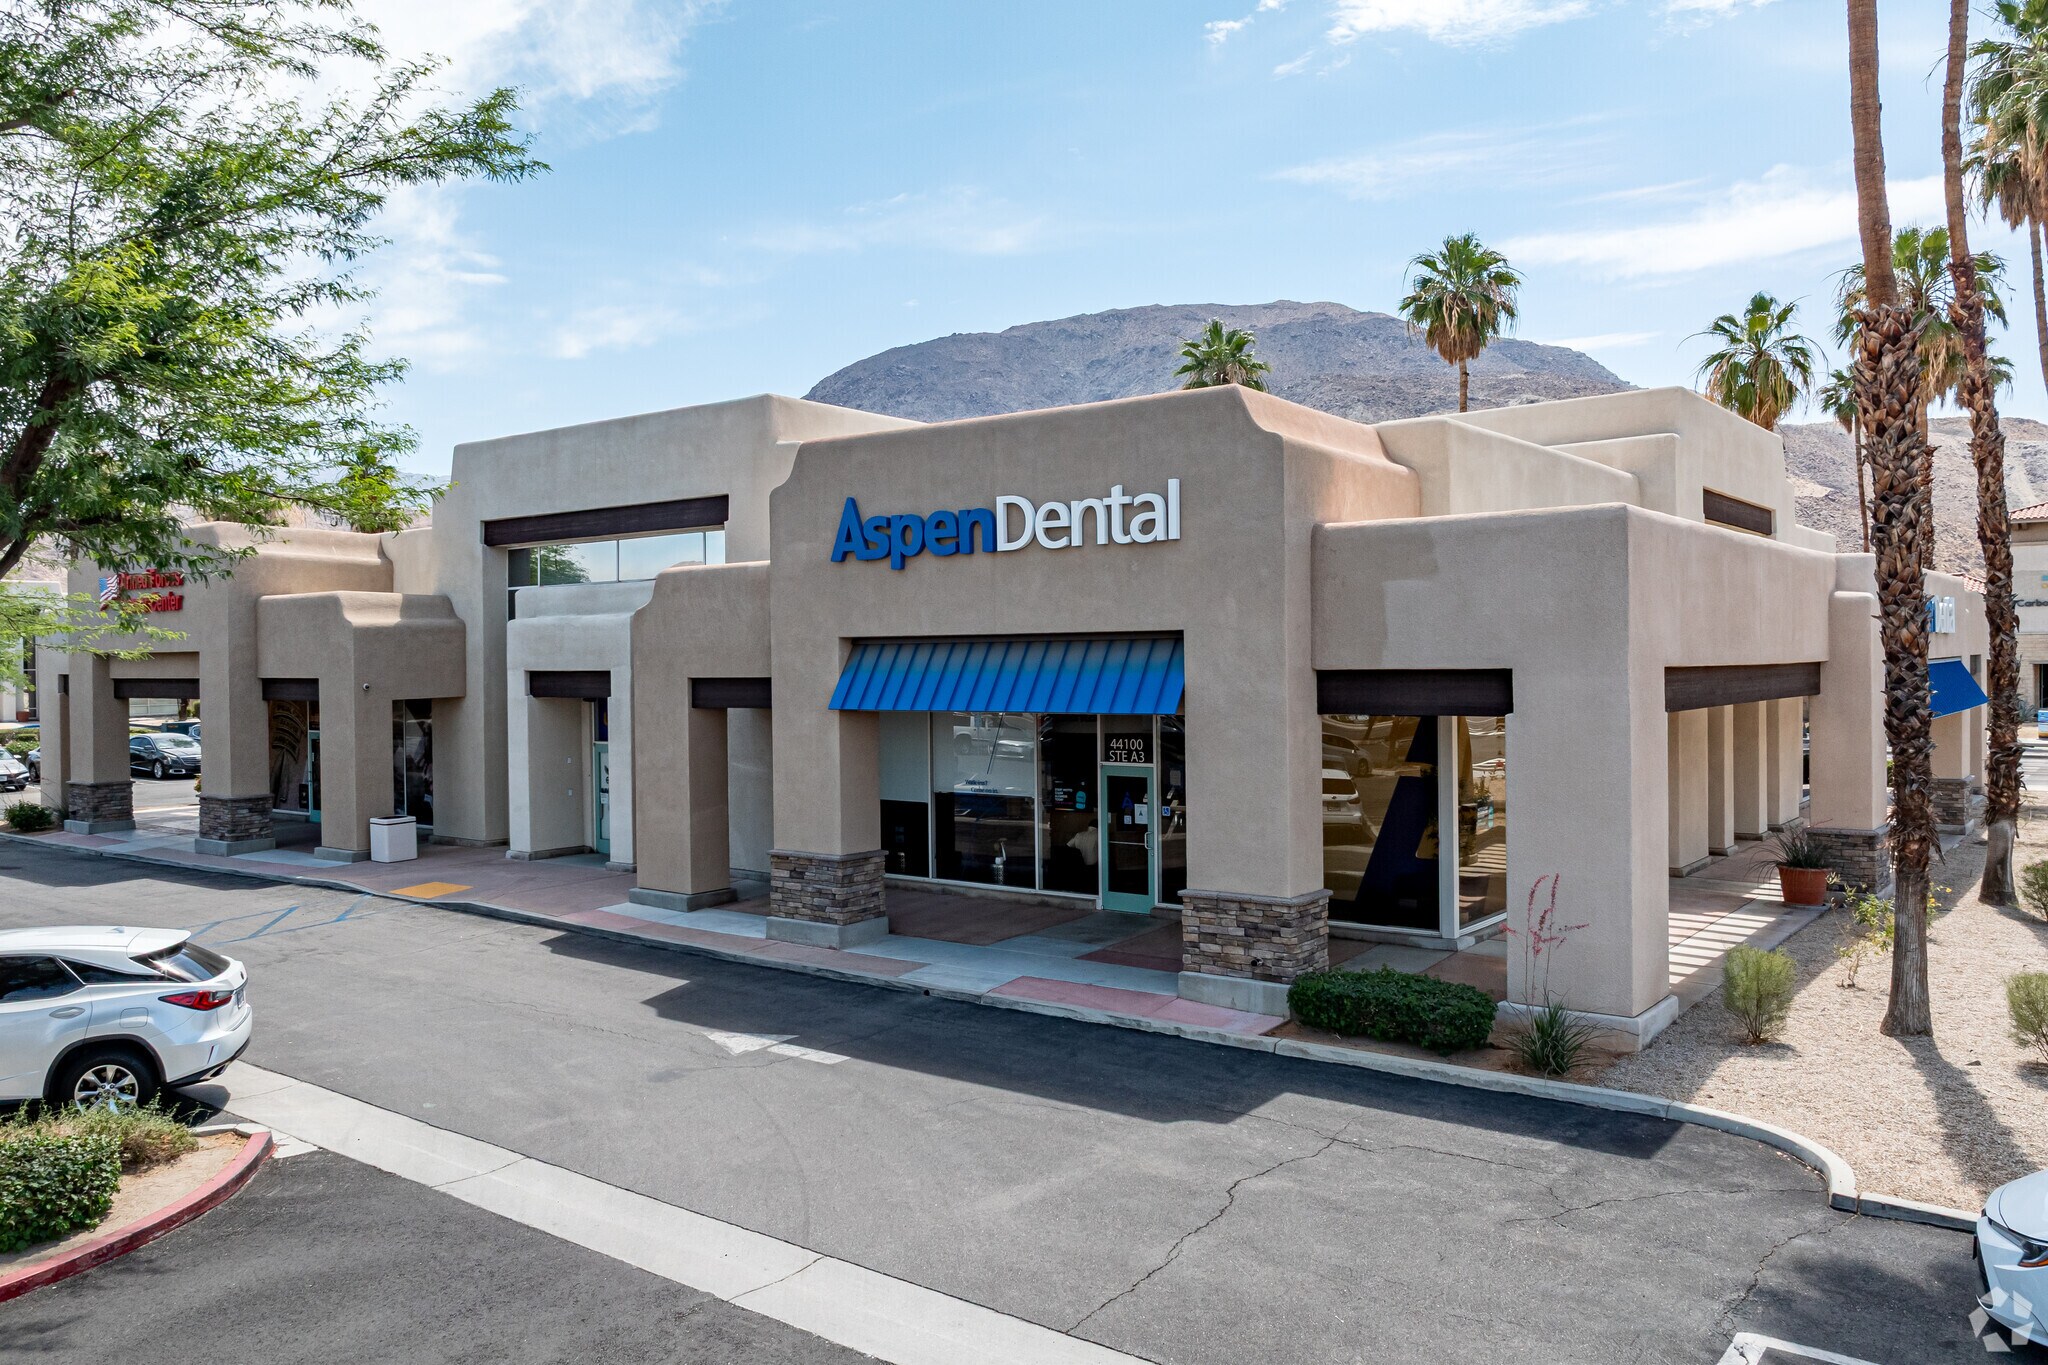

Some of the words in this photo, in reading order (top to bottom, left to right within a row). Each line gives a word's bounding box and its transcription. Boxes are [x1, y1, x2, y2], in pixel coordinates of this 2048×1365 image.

[1110, 738, 1144, 750] 44100
[1109, 750, 1128, 762] STE
[1130, 751, 1145, 763] A3
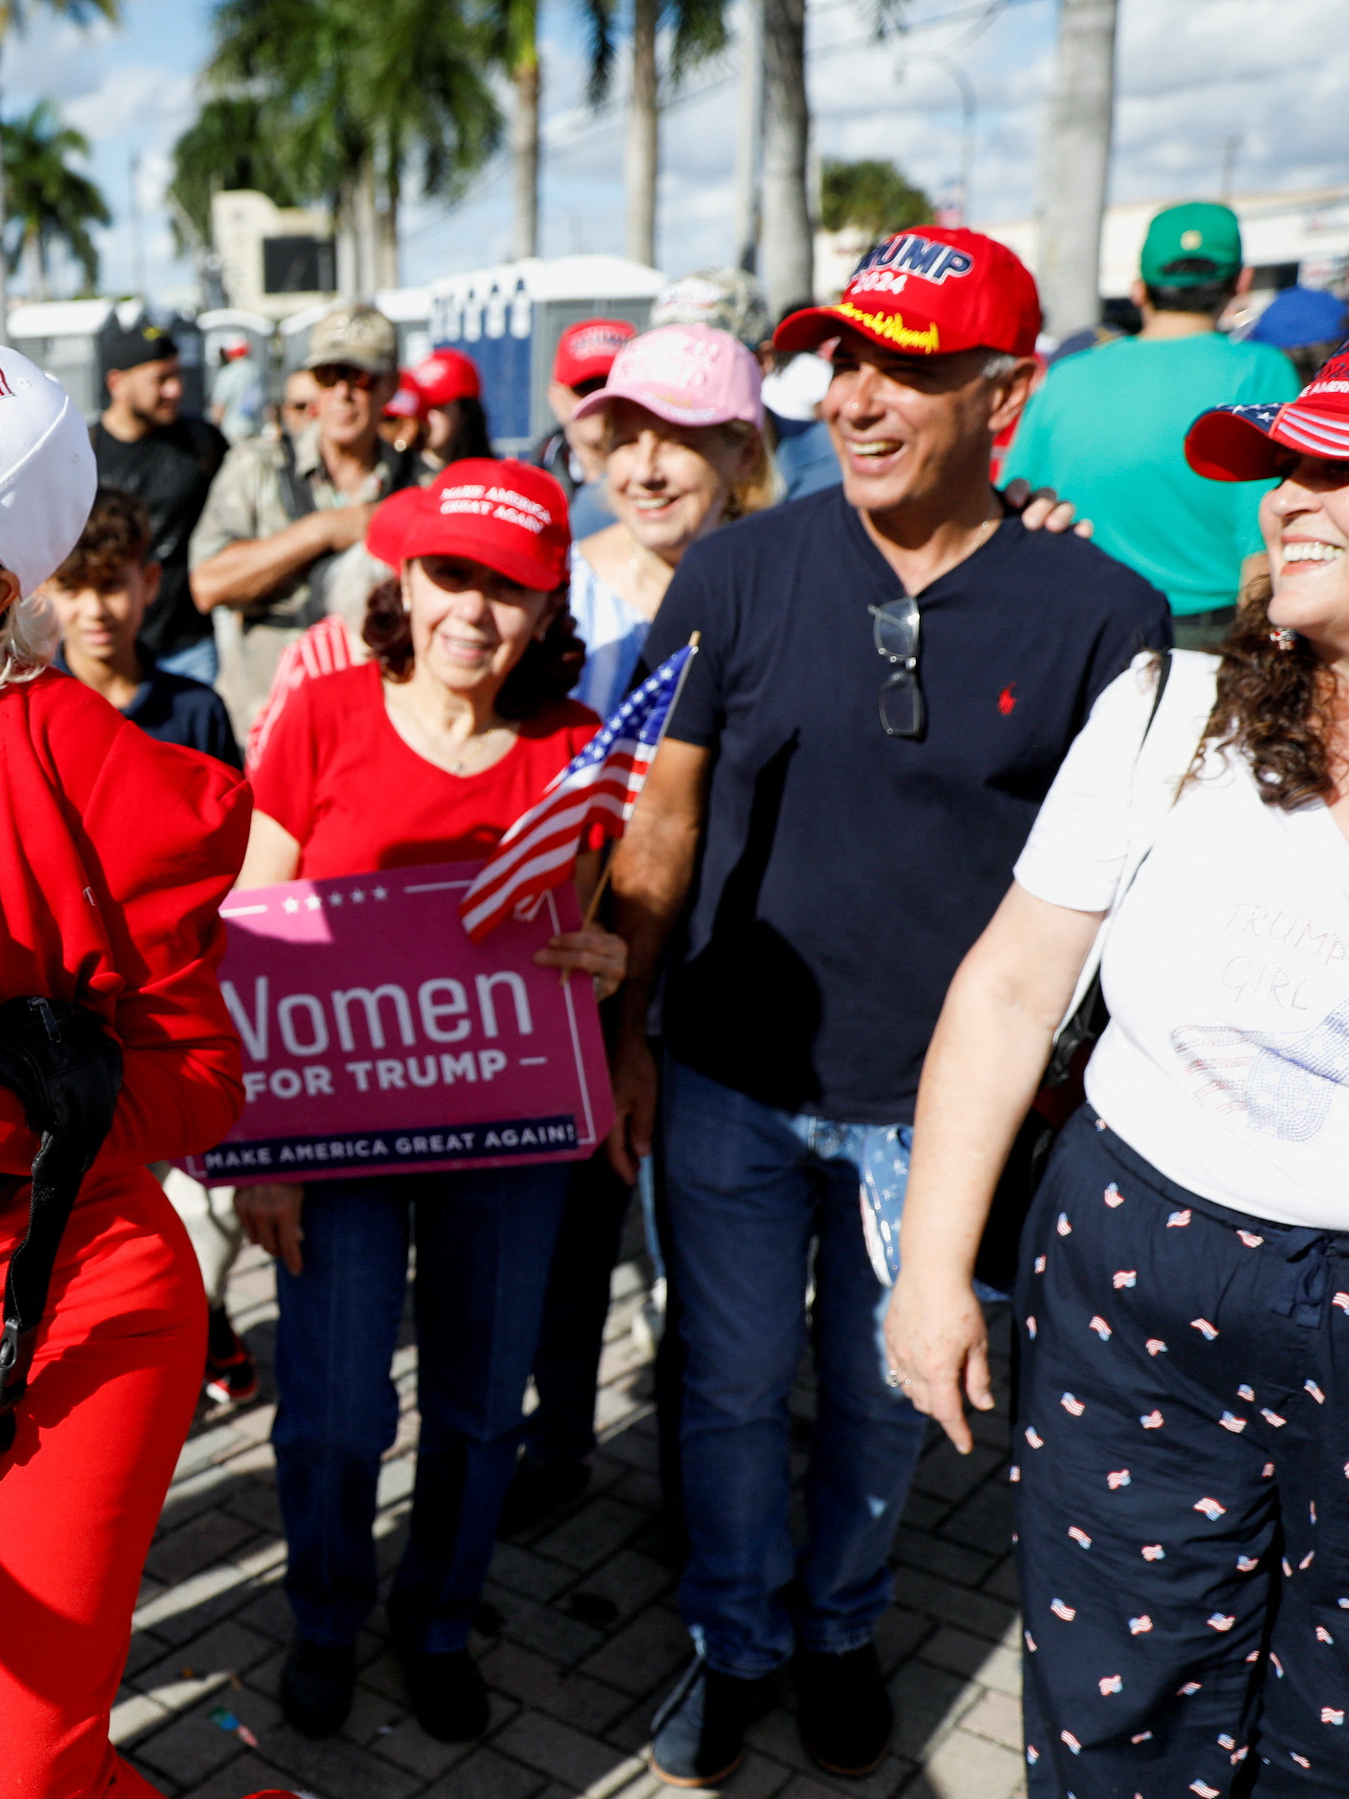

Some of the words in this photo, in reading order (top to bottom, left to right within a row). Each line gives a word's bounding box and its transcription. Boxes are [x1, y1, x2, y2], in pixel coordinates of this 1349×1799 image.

[851, 234, 974, 286] RUMP
[851, 271, 908, 295] 2024
[1308, 380, 1349, 396] AMER
[440, 485, 485, 501] MAKE
[485, 486, 552, 526] AMERICA
[1224, 902, 1346, 967] TRUMP
[1221, 954, 1309, 1011] GIRL
[242, 1064, 334, 1103] FOR
[346, 1049, 508, 1092] TRUMP
[205, 1146, 273, 1171] MAKE
[279, 1138, 390, 1163] AMERICA
[395, 1131, 476, 1156] GREAT
[484, 1123, 576, 1150] AGAIN!
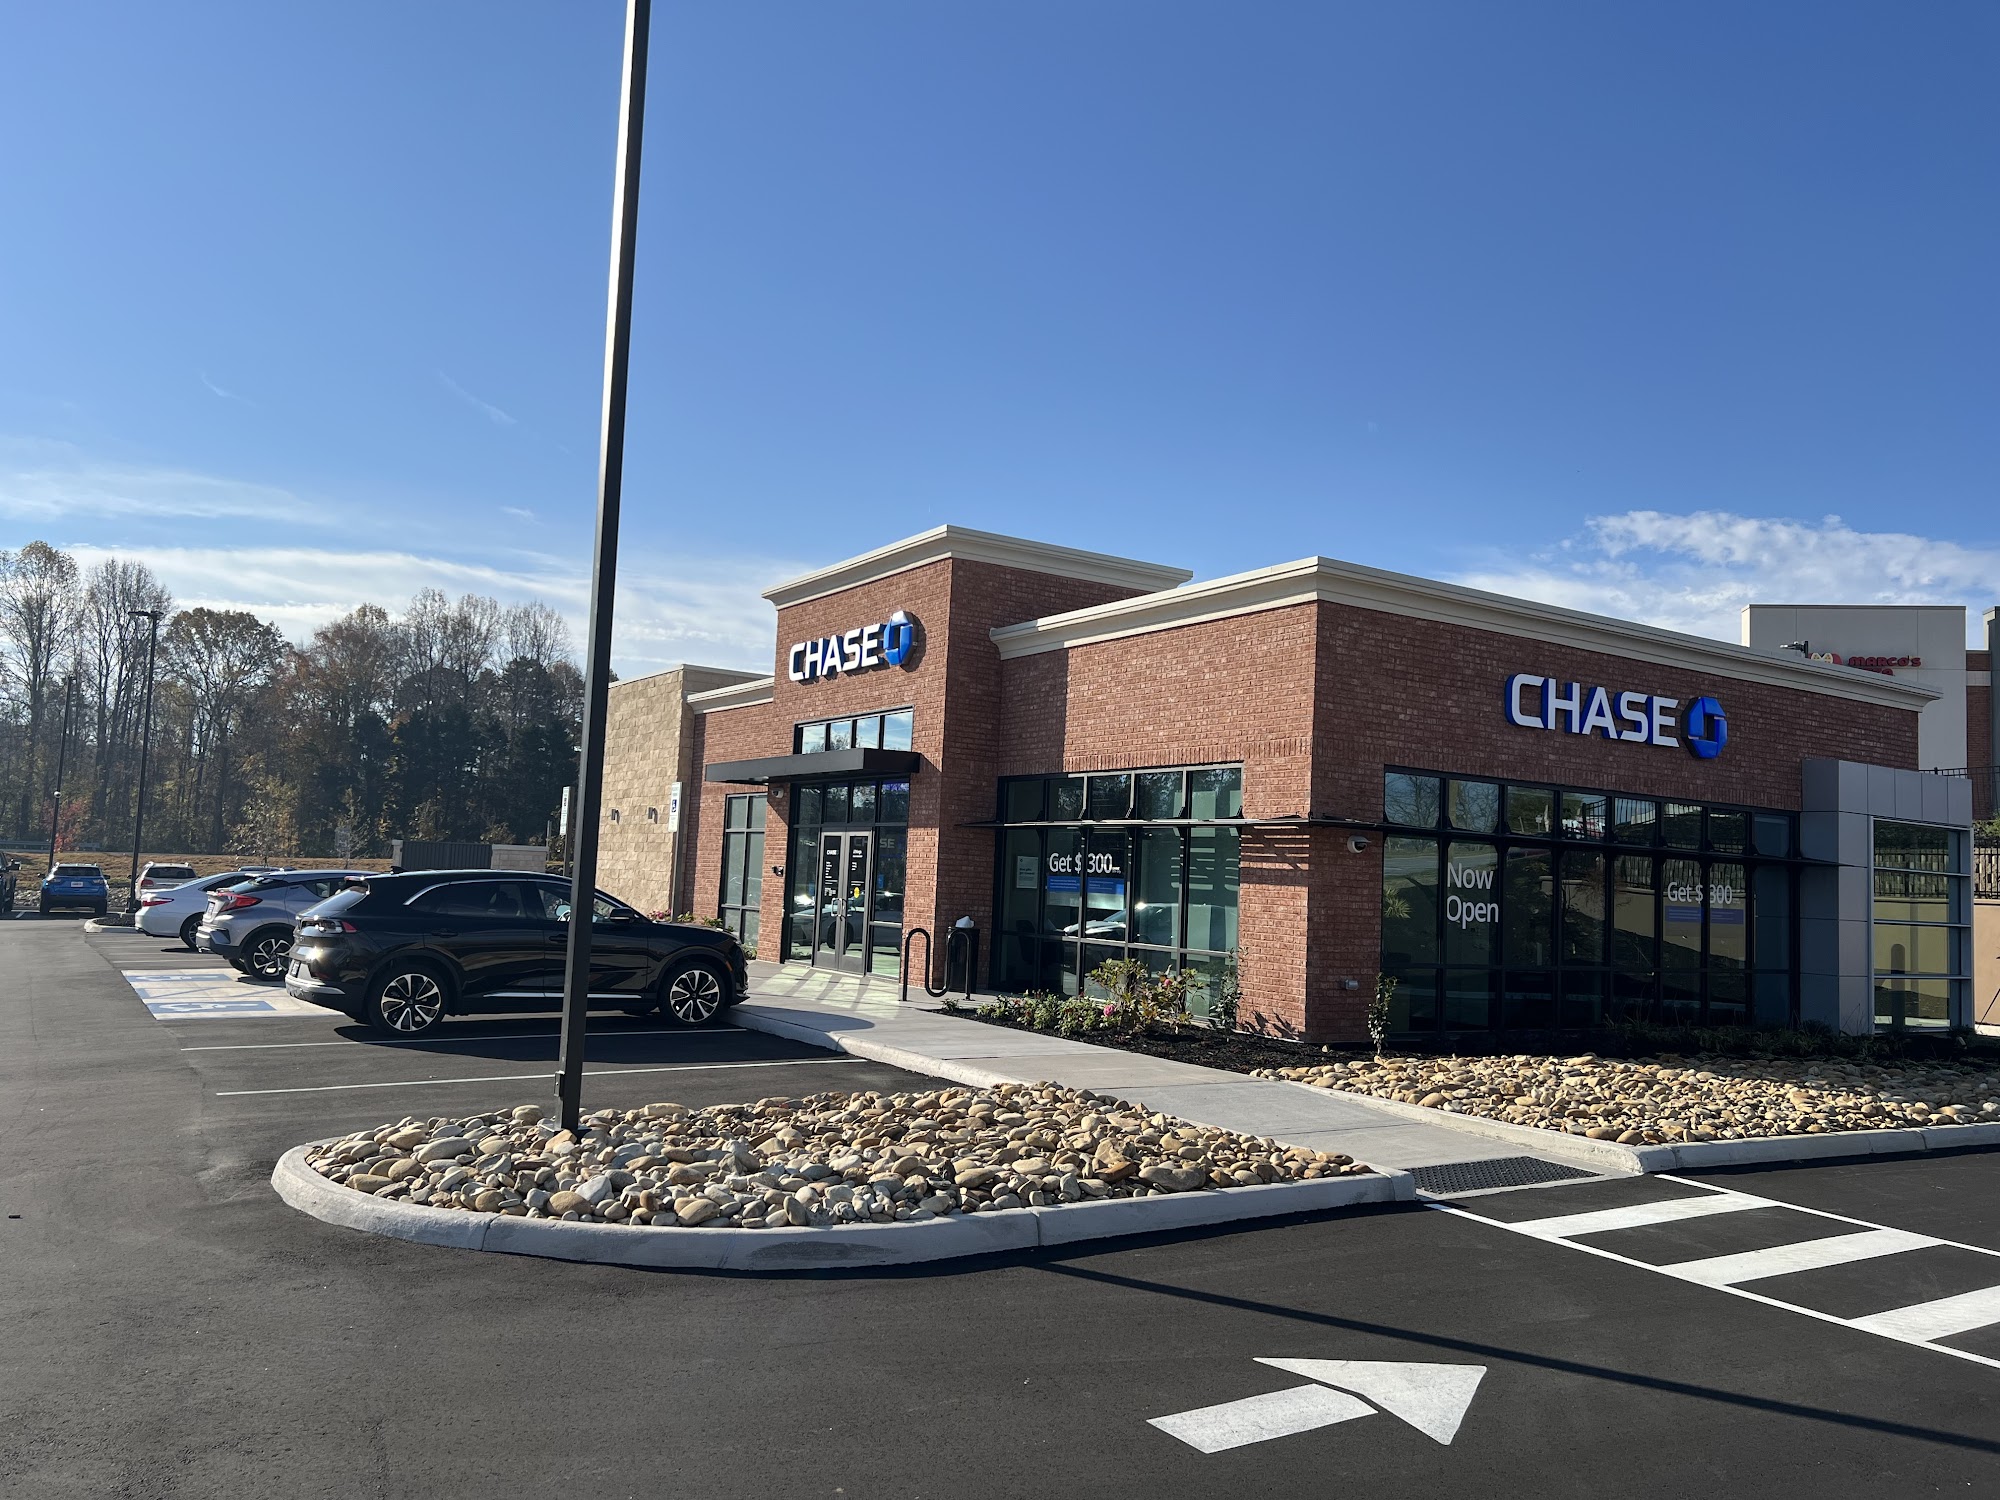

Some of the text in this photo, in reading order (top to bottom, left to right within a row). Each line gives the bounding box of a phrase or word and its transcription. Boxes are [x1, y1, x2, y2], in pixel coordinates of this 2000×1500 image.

[788, 624, 881, 681] CHASE
[1506, 673, 1680, 748] CHASE
[853, 837, 895, 849] CHSE
[1049, 853, 1072, 872] Get
[1447, 862, 1494, 890] Now
[1667, 881, 1693, 902] Get
[1446, 895, 1499, 930] Open

::::

When a record holds a picture, leave that picture out; copy the rest verbatim.

Some of the words in this photo, in reading order (top to bottom, left to right within a row). Each line gives a word's bounding box and its transcription. Boxes are [x1, y1, x2, y2], in pixel coordinates of this 2048×1365 image.

[1110, 738, 1144, 750] 44100
[1109, 750, 1128, 762] STE
[1130, 751, 1145, 763] A3

Some of the words in this photo, in reading order (top to bottom, left to right within a row). Each line gives a word's bounding box and its transcription. Boxes are [x1, y1, x2, y2], in pixel coordinates of this 1349×1799 image.

[851, 234, 974, 286] RUMP
[851, 271, 908, 295] 2024
[1308, 380, 1349, 396] AMER
[440, 485, 485, 501] MAKE
[485, 486, 552, 526] AMERICA
[1224, 902, 1346, 967] TRUMP
[1221, 954, 1309, 1011] GIRL
[242, 1064, 334, 1103] FOR
[346, 1049, 508, 1092] TRUMP
[205, 1146, 273, 1171] MAKE
[279, 1138, 390, 1163] AMERICA
[395, 1131, 476, 1156] GREAT
[484, 1123, 576, 1150] AGAIN!

Some of the text in this photo, in reading order (top to bottom, left to right within a row). Each line gives the bounding box of a phrase or word and its transcription. Boxes are [x1, y1, x2, y2], in pixel coordinates of this 2000×1500 image.

[788, 624, 881, 681] CHASE
[1506, 673, 1680, 748] CHASE
[853, 837, 895, 849] CHSE
[1049, 853, 1072, 872] Get
[1447, 862, 1494, 890] Now
[1667, 881, 1693, 902] Get
[1446, 895, 1499, 930] Open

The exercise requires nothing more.